Write out, word for word, the line that contains "this 1919×1280 image." and each line after it down to the last line of the data below. Include nothing more.

Saved entries
· · · ·

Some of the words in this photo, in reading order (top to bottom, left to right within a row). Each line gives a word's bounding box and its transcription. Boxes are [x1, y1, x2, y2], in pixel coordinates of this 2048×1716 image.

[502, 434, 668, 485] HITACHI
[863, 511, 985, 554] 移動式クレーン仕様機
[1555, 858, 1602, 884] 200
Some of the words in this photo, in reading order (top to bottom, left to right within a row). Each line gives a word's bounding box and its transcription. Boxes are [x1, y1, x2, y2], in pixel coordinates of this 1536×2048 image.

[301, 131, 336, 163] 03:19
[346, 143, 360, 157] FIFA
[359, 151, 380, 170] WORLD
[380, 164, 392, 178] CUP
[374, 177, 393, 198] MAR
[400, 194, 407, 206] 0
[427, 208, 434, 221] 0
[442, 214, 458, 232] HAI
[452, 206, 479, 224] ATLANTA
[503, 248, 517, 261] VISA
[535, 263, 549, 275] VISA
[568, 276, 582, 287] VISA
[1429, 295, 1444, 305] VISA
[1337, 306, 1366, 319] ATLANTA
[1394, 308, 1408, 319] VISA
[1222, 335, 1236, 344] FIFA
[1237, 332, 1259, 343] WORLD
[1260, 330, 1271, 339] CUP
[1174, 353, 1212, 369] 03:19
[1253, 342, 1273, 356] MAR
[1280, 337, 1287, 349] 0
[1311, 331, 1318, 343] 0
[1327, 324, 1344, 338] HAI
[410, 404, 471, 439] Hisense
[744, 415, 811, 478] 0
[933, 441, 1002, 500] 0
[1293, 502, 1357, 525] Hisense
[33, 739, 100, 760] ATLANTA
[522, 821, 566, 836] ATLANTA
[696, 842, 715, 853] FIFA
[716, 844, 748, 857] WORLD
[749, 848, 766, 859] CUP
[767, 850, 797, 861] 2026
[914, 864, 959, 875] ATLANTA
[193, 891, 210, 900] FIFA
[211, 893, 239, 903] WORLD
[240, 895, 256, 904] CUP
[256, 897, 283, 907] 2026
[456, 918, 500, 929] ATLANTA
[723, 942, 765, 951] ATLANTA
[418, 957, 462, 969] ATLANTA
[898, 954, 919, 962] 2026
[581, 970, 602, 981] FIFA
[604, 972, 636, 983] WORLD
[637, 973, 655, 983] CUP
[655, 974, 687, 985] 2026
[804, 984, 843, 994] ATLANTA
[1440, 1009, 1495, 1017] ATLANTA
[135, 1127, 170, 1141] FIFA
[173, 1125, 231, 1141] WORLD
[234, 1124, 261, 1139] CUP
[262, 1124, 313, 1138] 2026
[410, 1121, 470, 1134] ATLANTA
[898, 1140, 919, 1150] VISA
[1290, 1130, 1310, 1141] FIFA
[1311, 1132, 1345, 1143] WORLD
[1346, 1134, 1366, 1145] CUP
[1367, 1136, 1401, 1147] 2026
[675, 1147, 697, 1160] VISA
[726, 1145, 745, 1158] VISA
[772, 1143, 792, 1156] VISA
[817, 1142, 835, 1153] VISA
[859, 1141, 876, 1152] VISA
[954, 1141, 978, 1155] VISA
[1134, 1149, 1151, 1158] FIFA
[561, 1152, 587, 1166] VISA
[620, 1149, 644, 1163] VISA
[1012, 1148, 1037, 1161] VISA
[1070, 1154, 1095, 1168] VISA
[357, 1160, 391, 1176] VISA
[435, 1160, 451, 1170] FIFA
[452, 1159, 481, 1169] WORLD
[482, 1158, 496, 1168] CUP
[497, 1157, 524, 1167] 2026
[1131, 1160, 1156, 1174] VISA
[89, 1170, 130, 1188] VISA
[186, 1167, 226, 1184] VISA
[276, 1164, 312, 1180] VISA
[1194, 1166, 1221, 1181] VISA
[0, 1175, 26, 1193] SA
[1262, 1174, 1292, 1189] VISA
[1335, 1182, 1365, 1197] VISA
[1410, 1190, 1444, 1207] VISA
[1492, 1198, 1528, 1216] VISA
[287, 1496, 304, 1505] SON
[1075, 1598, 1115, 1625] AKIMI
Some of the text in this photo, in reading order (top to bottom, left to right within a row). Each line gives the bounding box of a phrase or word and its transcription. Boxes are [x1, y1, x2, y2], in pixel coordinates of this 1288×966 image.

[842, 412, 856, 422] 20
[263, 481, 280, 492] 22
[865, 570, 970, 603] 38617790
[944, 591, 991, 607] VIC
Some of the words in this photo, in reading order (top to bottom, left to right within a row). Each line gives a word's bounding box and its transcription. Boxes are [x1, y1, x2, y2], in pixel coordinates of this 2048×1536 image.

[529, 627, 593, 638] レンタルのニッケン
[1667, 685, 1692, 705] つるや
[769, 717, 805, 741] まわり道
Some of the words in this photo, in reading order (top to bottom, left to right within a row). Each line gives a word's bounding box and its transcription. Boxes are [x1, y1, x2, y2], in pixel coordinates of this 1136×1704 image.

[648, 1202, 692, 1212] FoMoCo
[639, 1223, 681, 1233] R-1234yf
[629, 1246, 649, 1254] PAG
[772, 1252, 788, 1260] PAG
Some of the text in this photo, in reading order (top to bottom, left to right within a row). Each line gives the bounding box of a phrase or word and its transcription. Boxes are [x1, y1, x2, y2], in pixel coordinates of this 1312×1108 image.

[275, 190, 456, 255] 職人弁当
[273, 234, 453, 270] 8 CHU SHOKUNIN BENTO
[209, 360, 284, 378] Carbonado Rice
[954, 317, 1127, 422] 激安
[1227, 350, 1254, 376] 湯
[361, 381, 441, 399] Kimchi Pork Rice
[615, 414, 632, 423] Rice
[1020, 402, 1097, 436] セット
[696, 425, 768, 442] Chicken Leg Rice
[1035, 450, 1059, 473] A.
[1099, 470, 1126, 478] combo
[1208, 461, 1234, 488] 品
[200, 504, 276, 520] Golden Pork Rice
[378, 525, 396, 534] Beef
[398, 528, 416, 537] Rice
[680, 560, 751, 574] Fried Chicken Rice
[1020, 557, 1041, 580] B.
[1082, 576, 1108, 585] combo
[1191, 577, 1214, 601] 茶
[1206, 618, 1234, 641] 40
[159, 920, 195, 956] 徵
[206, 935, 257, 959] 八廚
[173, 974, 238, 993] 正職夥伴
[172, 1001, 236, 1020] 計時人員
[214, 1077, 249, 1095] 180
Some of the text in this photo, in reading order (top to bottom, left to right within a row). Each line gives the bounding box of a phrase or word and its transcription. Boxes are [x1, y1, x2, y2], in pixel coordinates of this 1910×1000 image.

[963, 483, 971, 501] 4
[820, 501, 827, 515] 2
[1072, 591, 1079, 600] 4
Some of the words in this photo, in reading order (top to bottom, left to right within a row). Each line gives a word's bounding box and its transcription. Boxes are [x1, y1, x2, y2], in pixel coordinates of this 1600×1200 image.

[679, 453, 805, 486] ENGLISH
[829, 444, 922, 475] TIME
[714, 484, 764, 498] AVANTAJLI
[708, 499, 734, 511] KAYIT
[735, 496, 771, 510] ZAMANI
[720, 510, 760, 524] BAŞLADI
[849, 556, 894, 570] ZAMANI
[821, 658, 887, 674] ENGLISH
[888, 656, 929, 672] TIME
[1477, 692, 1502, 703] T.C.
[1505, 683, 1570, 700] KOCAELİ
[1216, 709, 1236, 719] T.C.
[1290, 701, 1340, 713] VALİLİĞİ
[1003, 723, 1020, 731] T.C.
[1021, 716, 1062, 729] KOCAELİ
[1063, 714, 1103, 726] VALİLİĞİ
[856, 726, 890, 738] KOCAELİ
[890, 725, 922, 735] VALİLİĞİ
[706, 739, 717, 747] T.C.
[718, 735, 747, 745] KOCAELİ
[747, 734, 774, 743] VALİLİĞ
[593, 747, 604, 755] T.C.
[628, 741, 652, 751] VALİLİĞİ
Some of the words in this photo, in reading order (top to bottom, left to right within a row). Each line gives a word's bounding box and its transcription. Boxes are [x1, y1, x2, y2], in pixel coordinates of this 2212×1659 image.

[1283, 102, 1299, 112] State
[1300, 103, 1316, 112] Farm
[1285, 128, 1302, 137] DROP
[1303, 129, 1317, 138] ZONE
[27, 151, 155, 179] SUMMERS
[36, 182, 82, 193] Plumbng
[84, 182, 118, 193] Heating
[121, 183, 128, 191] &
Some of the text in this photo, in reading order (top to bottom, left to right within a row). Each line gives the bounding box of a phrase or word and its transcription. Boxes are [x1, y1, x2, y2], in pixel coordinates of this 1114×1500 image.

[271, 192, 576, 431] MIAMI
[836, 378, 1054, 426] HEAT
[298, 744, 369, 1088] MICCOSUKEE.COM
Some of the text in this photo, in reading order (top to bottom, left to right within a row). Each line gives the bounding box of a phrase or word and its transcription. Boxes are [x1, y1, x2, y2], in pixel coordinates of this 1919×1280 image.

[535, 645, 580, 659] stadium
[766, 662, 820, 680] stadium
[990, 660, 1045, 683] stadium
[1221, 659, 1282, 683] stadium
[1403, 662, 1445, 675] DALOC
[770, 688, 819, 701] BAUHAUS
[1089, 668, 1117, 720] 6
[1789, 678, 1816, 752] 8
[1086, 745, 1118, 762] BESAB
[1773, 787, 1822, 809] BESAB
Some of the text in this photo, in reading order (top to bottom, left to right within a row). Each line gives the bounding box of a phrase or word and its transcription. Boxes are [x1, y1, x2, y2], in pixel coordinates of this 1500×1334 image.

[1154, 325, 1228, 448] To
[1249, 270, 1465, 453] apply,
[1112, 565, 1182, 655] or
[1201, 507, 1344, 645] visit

· · · ·

> [Solution to the problem]
Some of the text in this photo, in reading order (top to bottom, left to right within a row). Each line gives the bounding box of a phrase or word and its transcription. Boxes are [x1, y1, x2, y2], in pixel coordinates of this 1919×1280 image.

[535, 645, 580, 659] stadium
[766, 662, 820, 680] stadium
[990, 660, 1045, 683] stadium
[1221, 659, 1282, 683] stadium
[1403, 662, 1445, 675] DALOC
[770, 688, 819, 701] BAUHAUS
[1089, 668, 1117, 720] 6
[1789, 678, 1816, 752] 8
[1086, 745, 1118, 762] BESAB
[1773, 787, 1822, 809] BESAB
Some of the text in this photo, in reading order (top to bottom, left to right within a row). Each line gives the bounding box of a phrase or word and its transcription. Boxes are [x1, y1, x2, y2], in pixel coordinates of this 1500×1334 image.

[1154, 325, 1228, 448] To
[1249, 270, 1465, 453] apply,
[1112, 565, 1182, 655] or
[1201, 507, 1344, 645] visit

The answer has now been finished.